On The Opening Of A New Store In Laramie, WY, And Other Growth Plans 
The Laramie store, which opened in August, is our sixth store in Wyoming and was an 18-month project. The community has responded really well; it’s well ahead of our expectations in its first month.

It’s our smallest store at 7,500 square feet, and it represents one more tool in our toolbox for expansion. Our national competitors struggle to compete in these markets. The smaller format store opens the door to a lot of growth opportunities for us across the country. We have three more stores opening this year in Chambersburg, PA, Corona, CA, and Brentwood, CA. We’ll have 8-to-12 more stores opening in 2021. We’re also evaluating opening up to three Legacy Shooting Centers next year.
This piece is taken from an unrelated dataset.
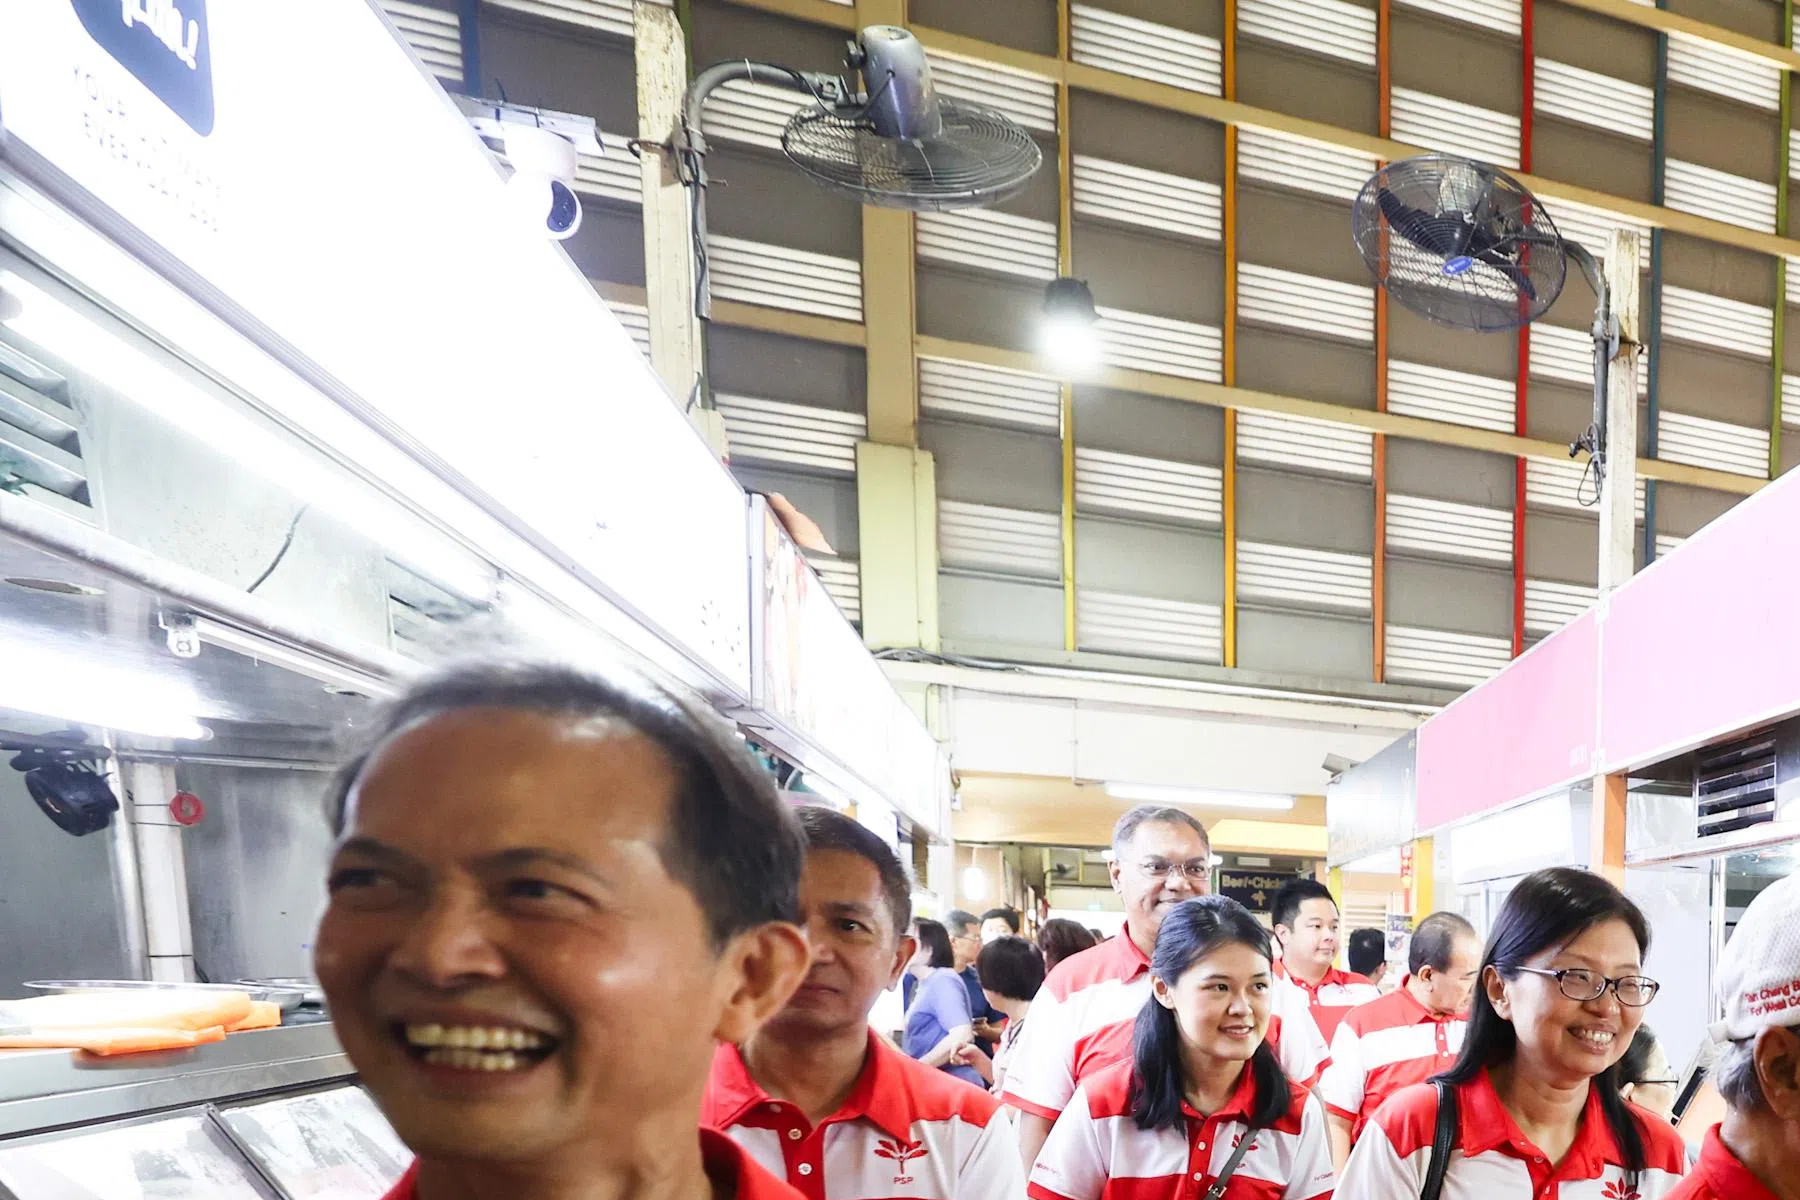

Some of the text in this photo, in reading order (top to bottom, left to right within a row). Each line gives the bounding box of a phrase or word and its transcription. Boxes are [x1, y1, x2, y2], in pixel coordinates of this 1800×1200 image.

[1760, 985, 1790, 999] Cheng
[1751, 1007, 1762, 1015] For
[893, 1176, 914, 1185] PSP
On The Year’s Increase In Outdoor Participants And How Sportsman’s Warehouse Is Helping 
All this increased participation is a great shot in the arm for the outdoor industry. We can see the demand across the board. What’s exciting is that we’ve helped introduce millions of new participants to outdoor activities. Most people who start fishing or camping will enjoy it and return. They are finding it’s a great way to spend their resources with family and friends.

“We put a lot of thought into merchandising and assortment in each of our departments. We’re seeing some people come in and buy entry-level gear and others pick up a $500 pair of waders. What started as a $50 rod and reel combo may turn into $1,000 of gear purchases next year. When a new customer enters our store or makes a purchase online, we may be able to re-engage them and introduce them to other outdoor categories. We’ve added an immense number of customers to our email database file and loyalty program, so it’s pretty powerful as far as looking ahead at the future and engaging these consumers.

“What’s key for us is we have 6,000 employees who are all passionate about the outdoors. And we have a broad and diverse set of products to serve customers across the activity base. Many firearms retailers are pulling back and/or exiting certain categories, but we see an immense opportunity. We have no intention to slow down our growth, and we see our role as helping people get outdoors.